Lumber prices have dropped, but homes are still prohibitively expensive. Here's why.

According to a new report from the National Association of Home Builders (NAHB), housing affordability in the United States in the second quarter of 2021 fell to its lowest point since 2012.

Just 56 percent of the new and existing homes sold from April to June were affordable to families making at least $79,900, the U.S. median family income. This marks a steep drop from the first quarter of 2021, when 63 percent were deemed affordable.

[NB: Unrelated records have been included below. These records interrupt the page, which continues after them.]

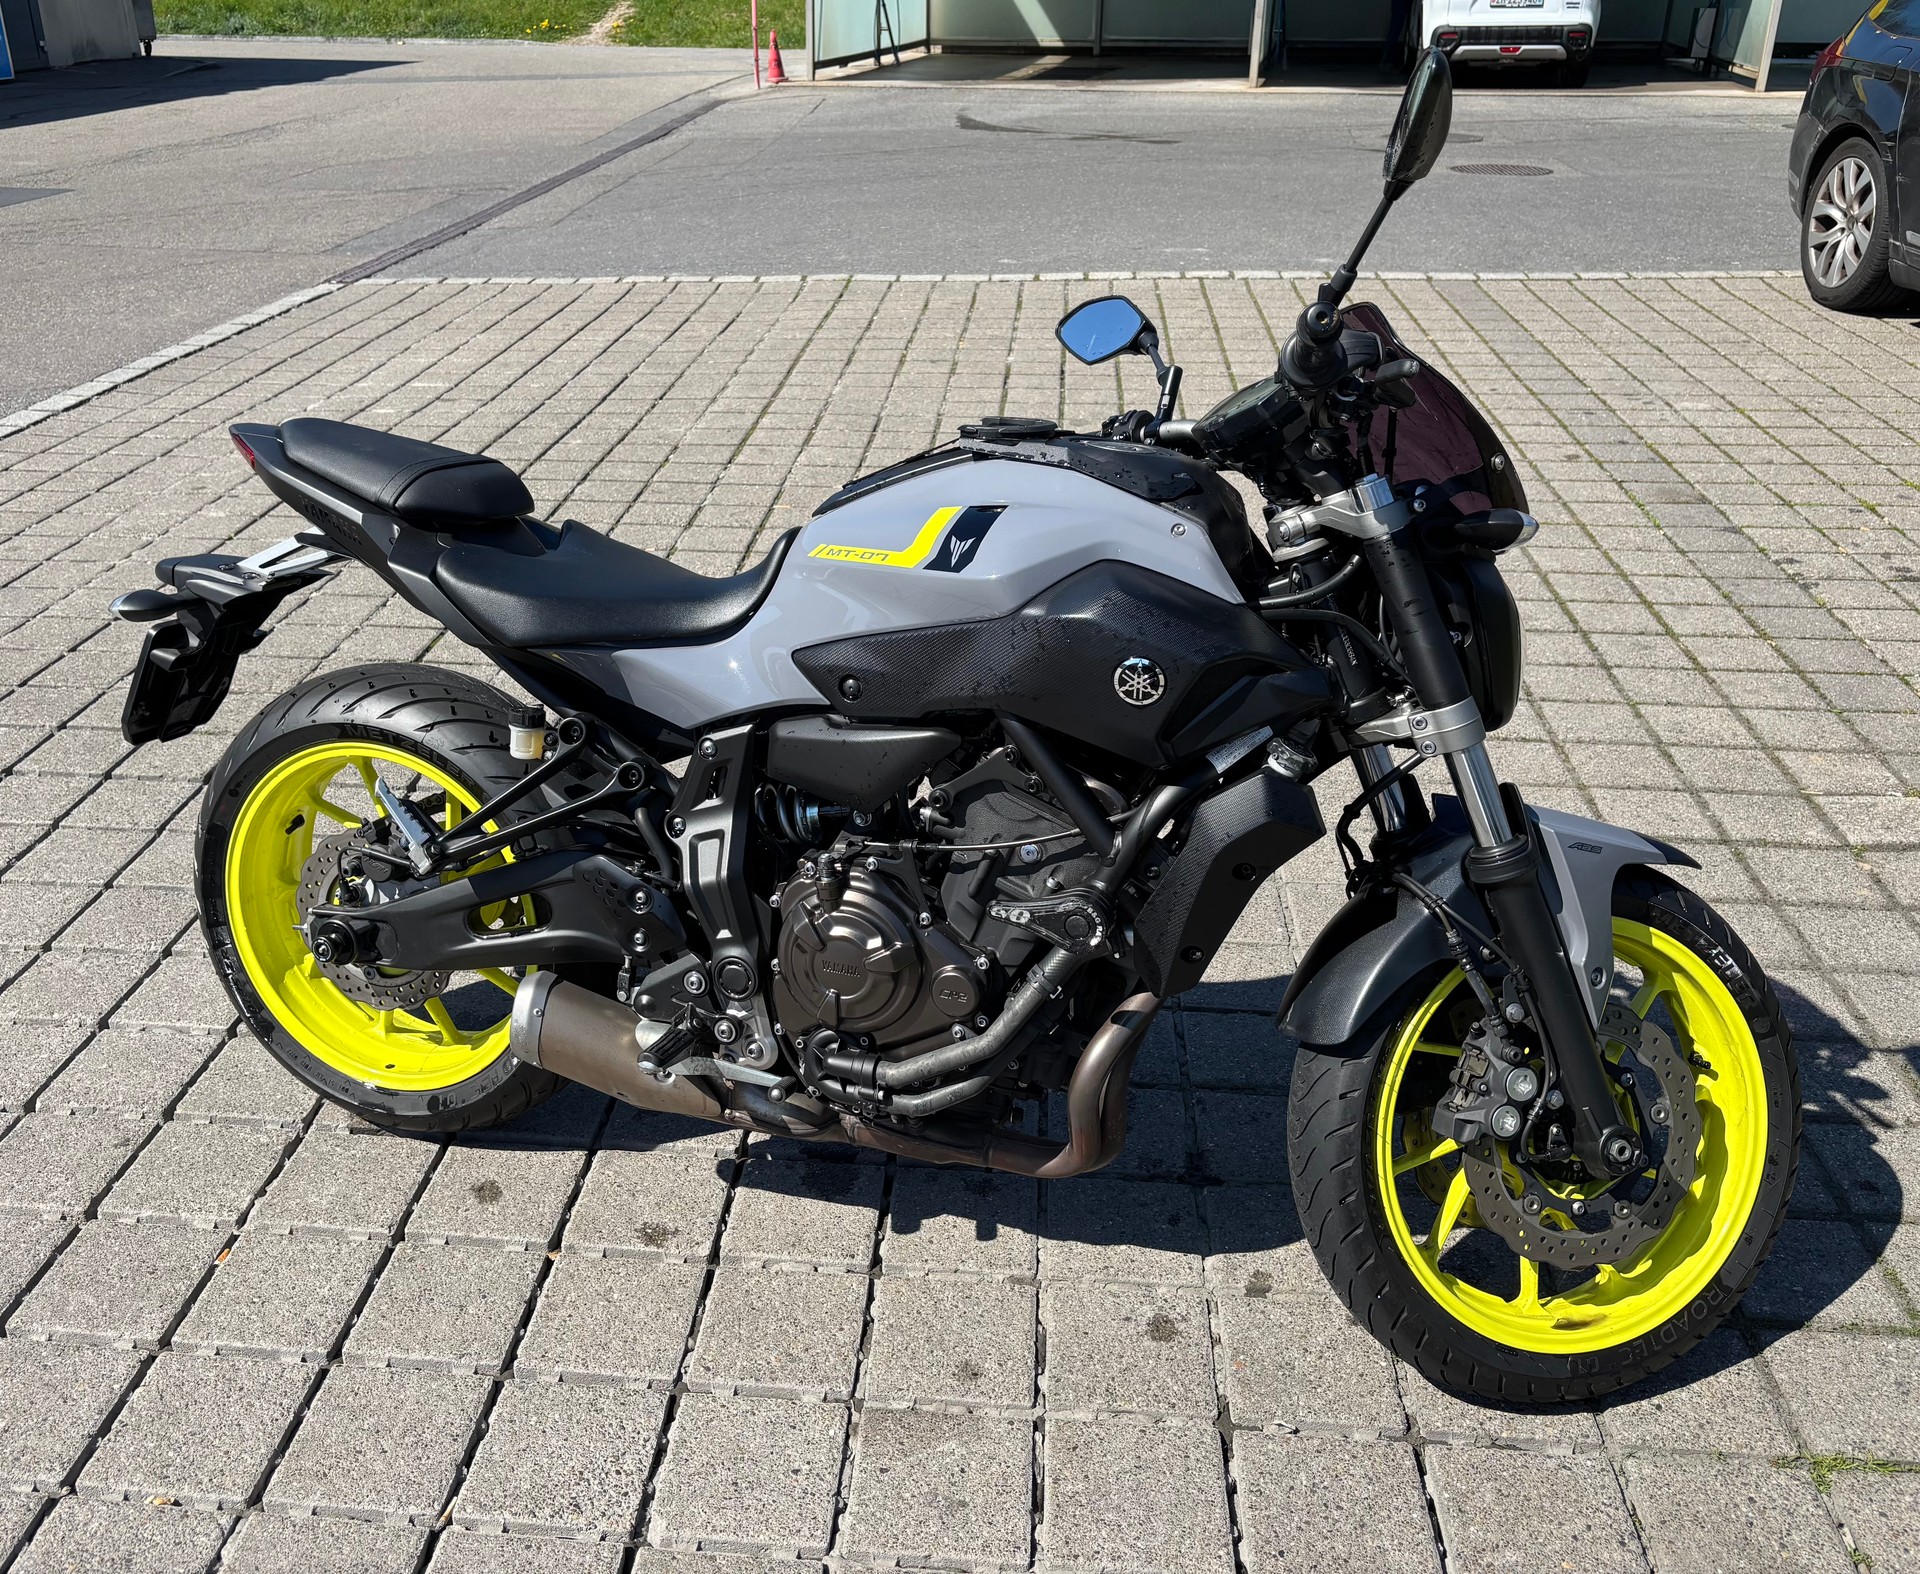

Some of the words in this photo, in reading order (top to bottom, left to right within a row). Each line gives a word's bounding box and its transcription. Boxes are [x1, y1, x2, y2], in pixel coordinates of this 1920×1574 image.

[826, 548, 889, 562] MT-07
[344, 724, 476, 787] METZELER
[1568, 842, 1603, 854] ABS
[822, 959, 861, 978] YAMAHA
[1621, 1284, 1726, 1366] ROADTEC
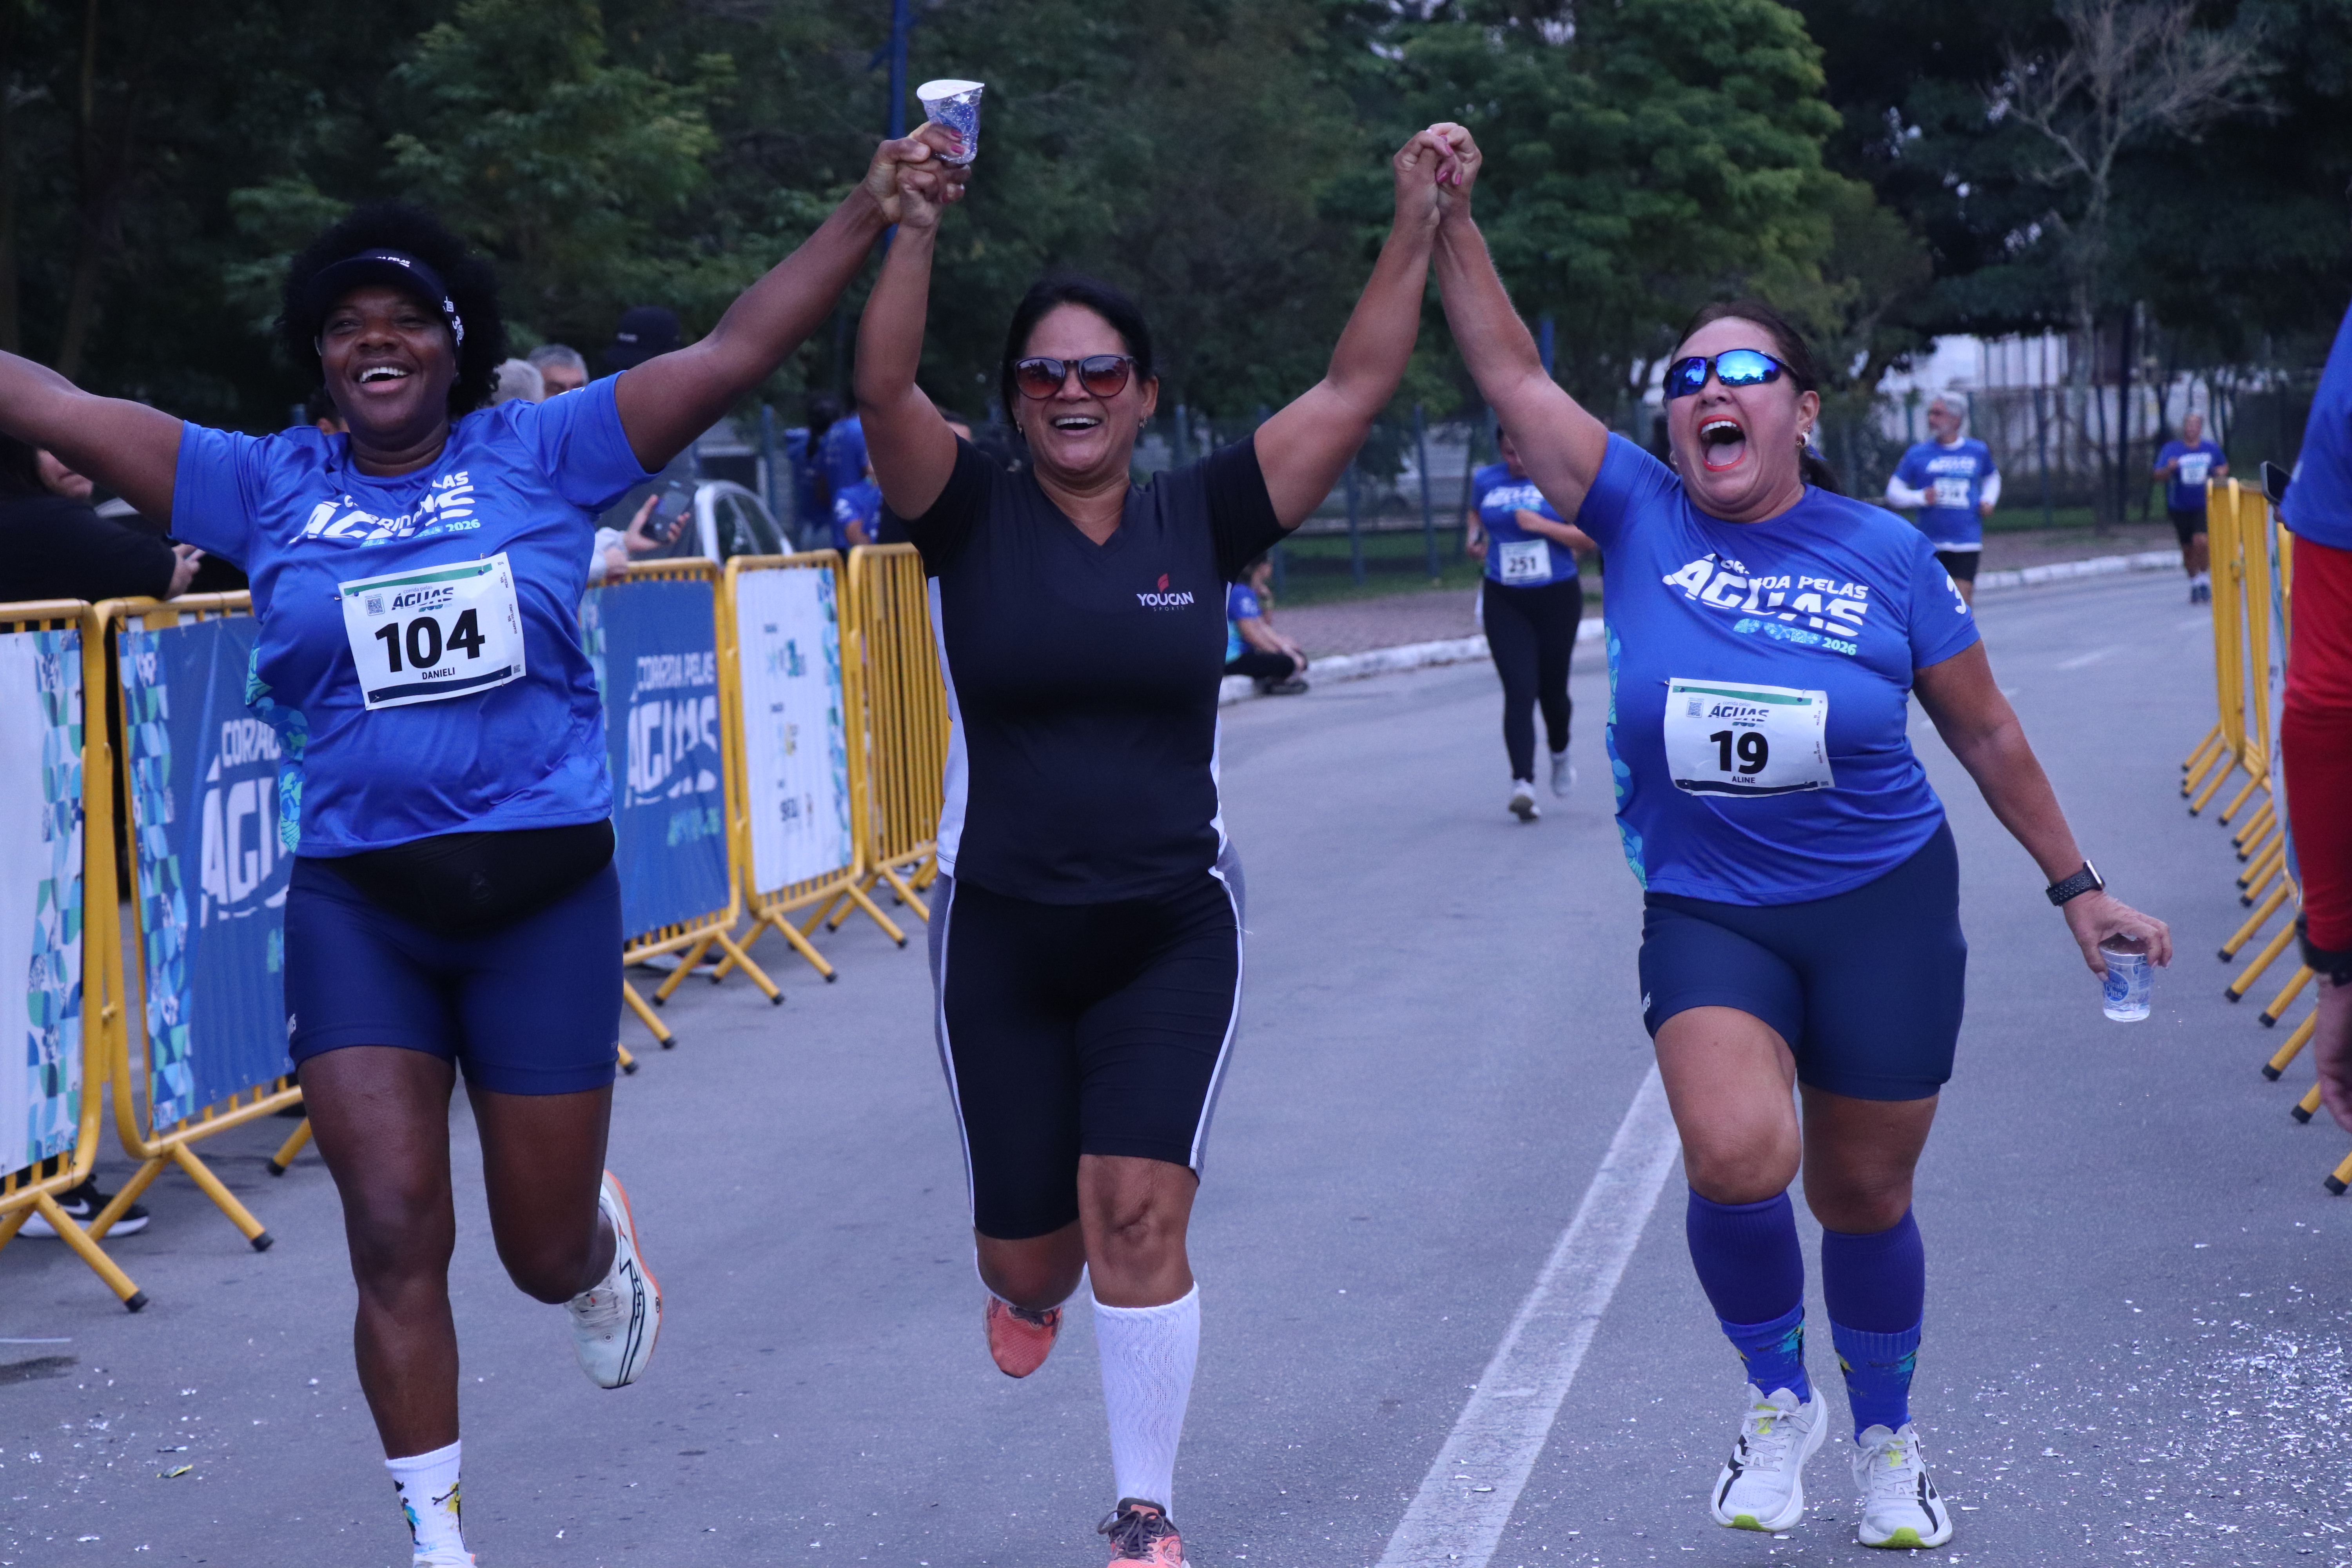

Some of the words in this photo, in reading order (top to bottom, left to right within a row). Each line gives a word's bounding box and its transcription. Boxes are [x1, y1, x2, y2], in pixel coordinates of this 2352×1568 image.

This spike in housing prices comes at a time when lumber prices have fallen drastically, normalizing somewhat after hitting historically high levels in the earlier part of the year. But while a drop in lumber prices should lead to a drop in home prices, it hasn’t manifested itself in housing affordability just yet.

“As the price declines began grabbing headlines, the price of lumber packages quoted to builders held at record highs,” David Logan, senior economist at the National Association of Home Builders, told CNBC. “In economics jargon, prices paid by builders — or ‘street’ prices — were ‘sticky.’ ”

That means home builders are still paying top dollar from suppliers who purchased their inventories earlier in the year, when prices were still high. Lumber suppliers can’t afford to sell their inventory at prices lower than they paid for it, creating a logjam of high-priced wood. And with demand for housing and housing materials holding strong, suppliers have no reason to drop the prices.

On top of that, other kinds of lumber like engineered wood and oriental strand board (OSB) have seen their prices increase just as softwood lumber prices have fallen.

“Runaway construction cost growth, such as ongoing elevated prices for oriented strand board that has skyrocketed by nearly 500 percent since January 2020, continue to put upward pressure on home prices,” said NAHB Chairman Chuck Fowke. “Policymakers must address supply chain bottlenecks for building materials that are raising costs and harming housing affordability.”